Liebe Leserinnen und Leser,

als Kind musste ich ins Krankenhaus. Nach Monaten schmerzhafter, erst nicht diagnostizierter Entzündung des Sprunggelenks stand mir eine Operation bevor. Ich hatte Angst – aber ich war tapfer. Und ich wurde belohnt für meine Tapferkeit. Alle hatten Verständnis und als Gewinn gab es Schmerzfreiheit und was mir gefiel: Süßigkeiten und Spiele.

Wenn Patienten oder Angehörige auf eine psychiatrische Station gehen, wissen sie, dass es immer noch etwas Anderes, etwas Fremdes ist, psychisch krank zu sein.
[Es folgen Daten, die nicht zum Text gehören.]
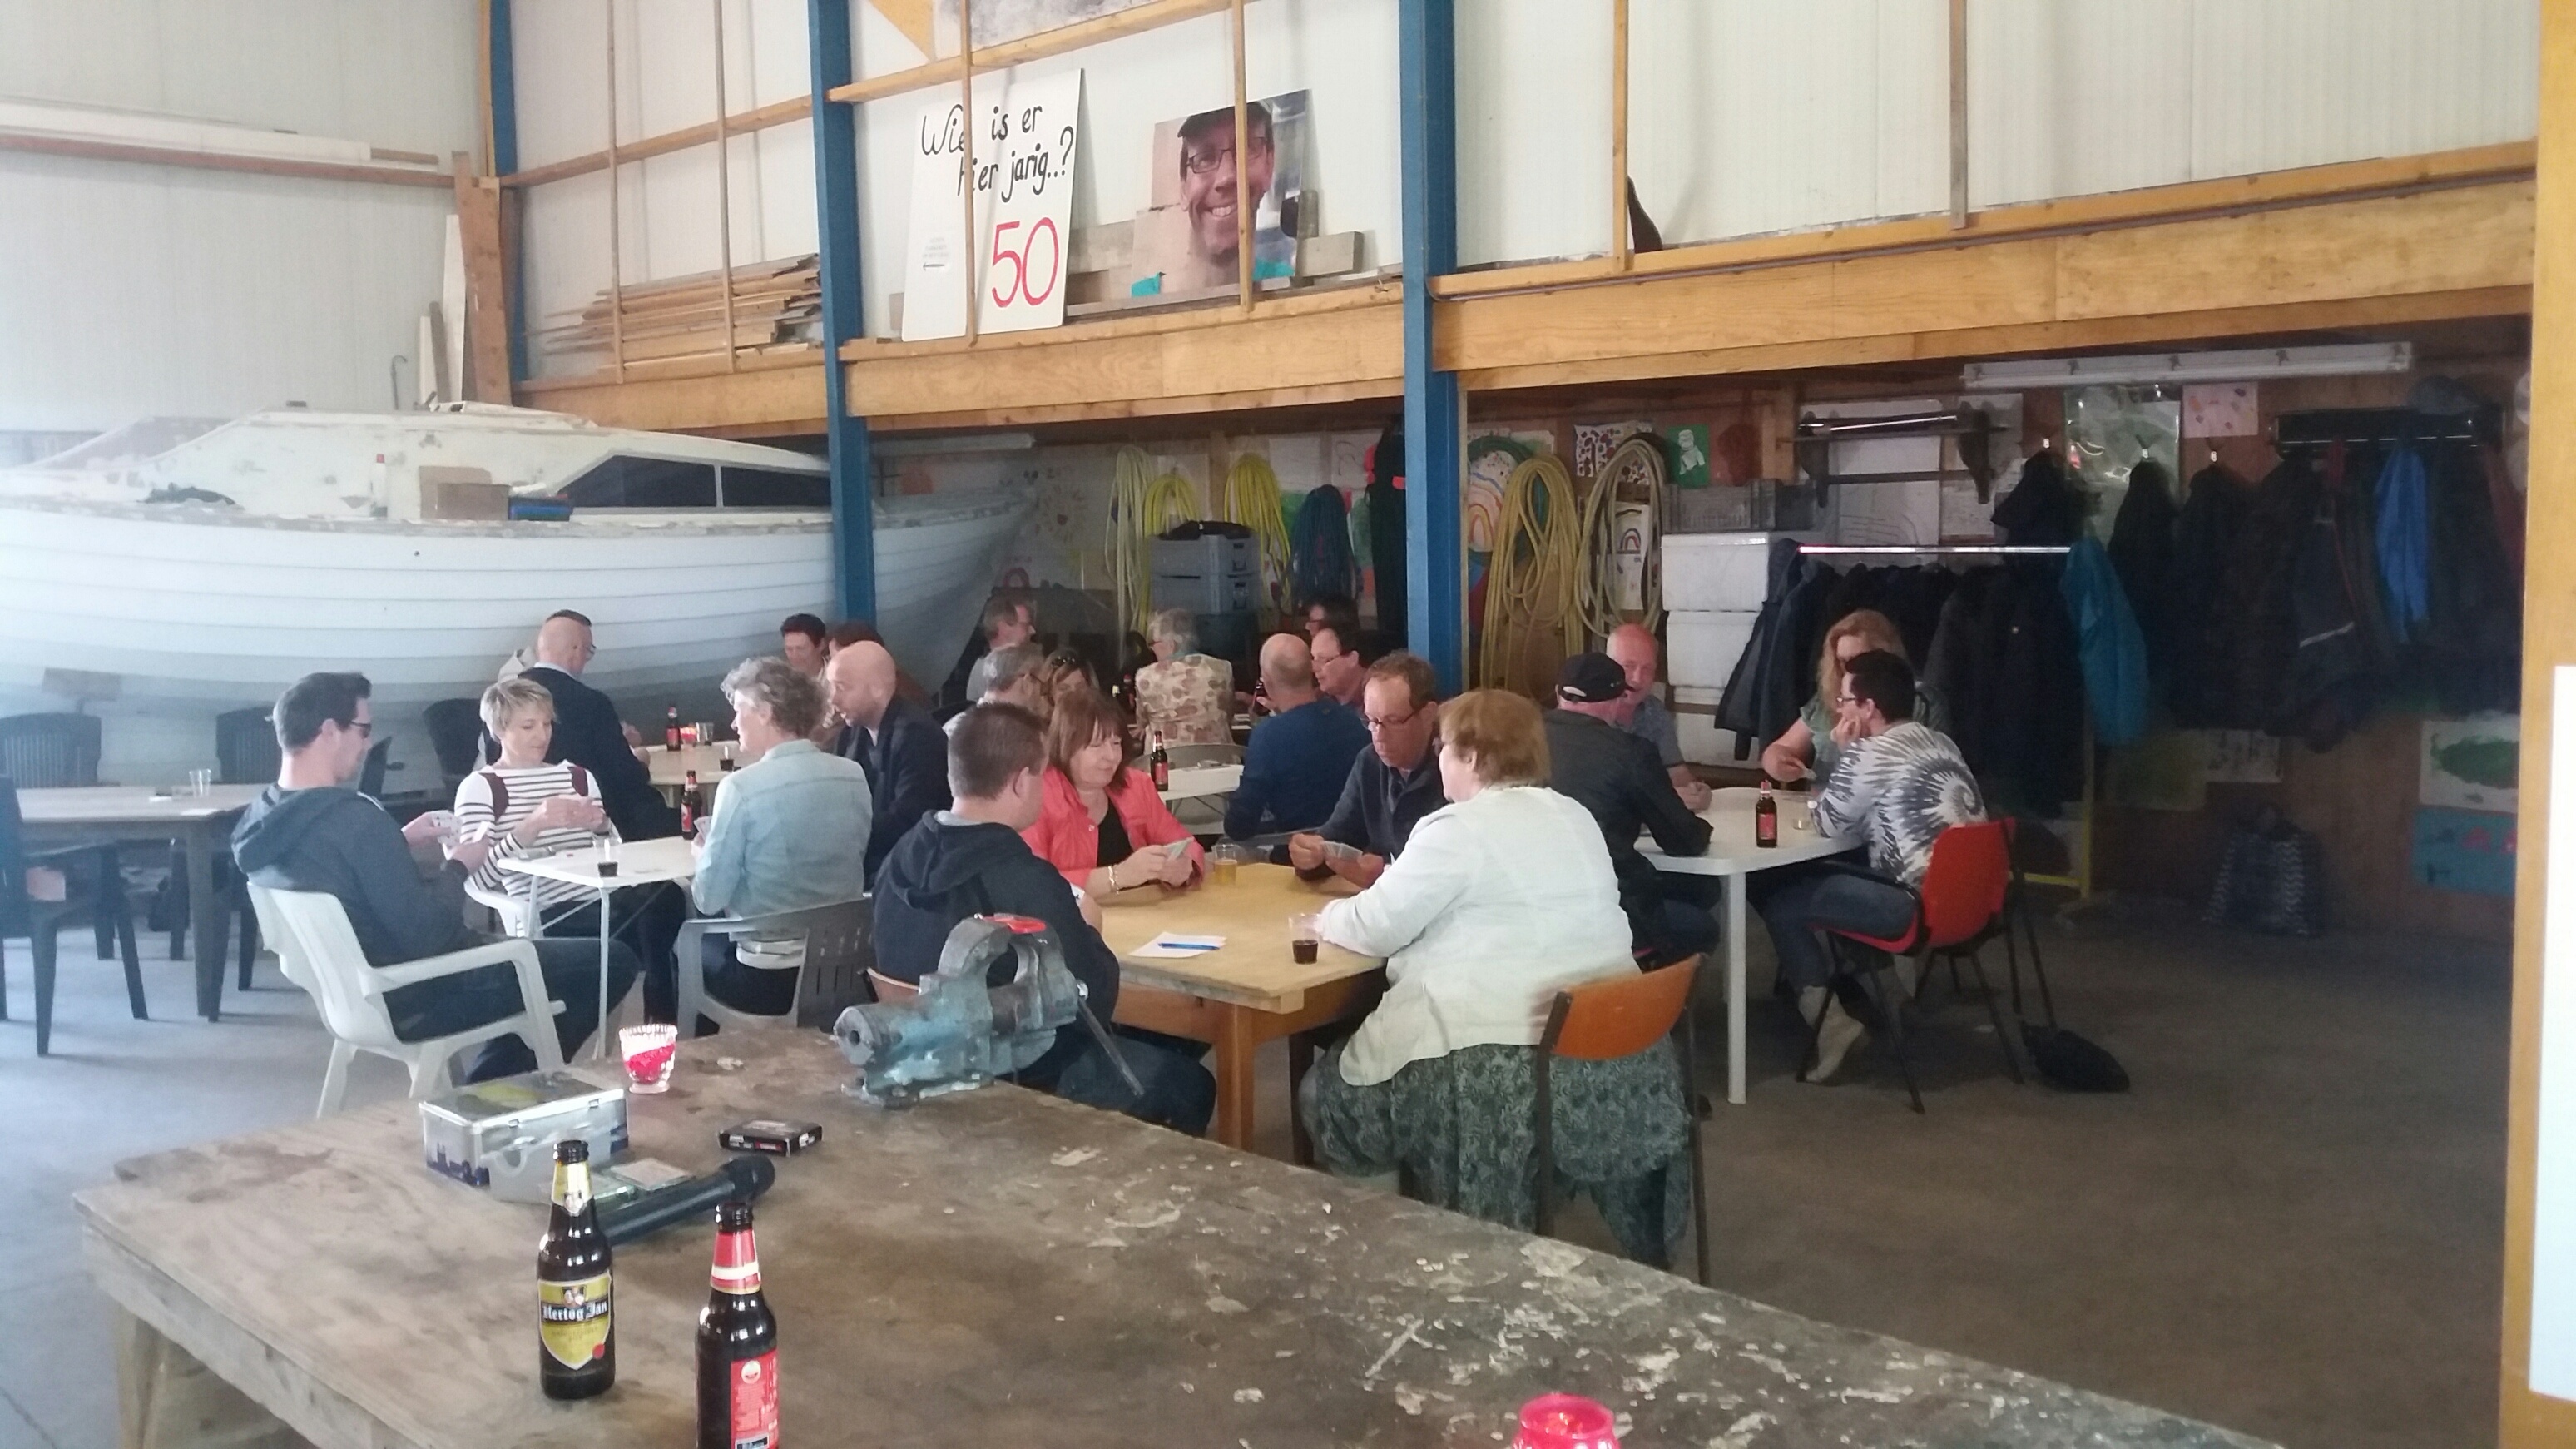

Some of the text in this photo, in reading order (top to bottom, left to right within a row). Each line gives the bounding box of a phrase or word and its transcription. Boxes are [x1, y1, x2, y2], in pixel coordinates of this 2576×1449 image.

[921, 103, 1043, 156] Wie is er
[991, 216, 1059, 308] 50
[542, 1300, 607, 1322] Hertog Jan
Oft habe ich erlebt, dass Patienten mir sagten: „Und dann musste ich kommen, mir blieb nichts anderes übrig.“ Wissend darum, dass es keine positive Bewertung dafür gibt, tapfer zu sein und an sich zu arbeiten – oft genug in einer Klinik, die außerhalb und ausgegrenzt vor der Stadt liegt.

Umso wichtiger finde ich es, diese Bereitschaft zur Veränderung, diese Arbeit der Patienten in der Klinik wertzuschätzen und von Beginn an eine freundliche Tapferkeitsanerkennung auszusprechen: „Sie machen etwas, wovor andere sich so fürchten, dass sie es nicht tun“ oder „Dass Sie das machen finde ich prima“.
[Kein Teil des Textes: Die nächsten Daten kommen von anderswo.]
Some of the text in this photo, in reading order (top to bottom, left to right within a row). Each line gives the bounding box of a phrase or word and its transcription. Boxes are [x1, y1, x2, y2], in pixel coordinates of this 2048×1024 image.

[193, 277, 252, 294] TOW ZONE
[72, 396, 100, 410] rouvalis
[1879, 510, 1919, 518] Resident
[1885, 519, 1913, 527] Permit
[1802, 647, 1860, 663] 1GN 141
Das ist ein Weg, dem Stigma der psychischen Erkrankung den Boden zu entziehen. Es ist normal, anders zu sein. Und tapfer ist man, wenn man der Angst sein Gesicht zuwendet und sich nicht verbirgt.

In diesem Sinne ein Lob auf die Mutigen und Tapferen, die neue Wege gehen!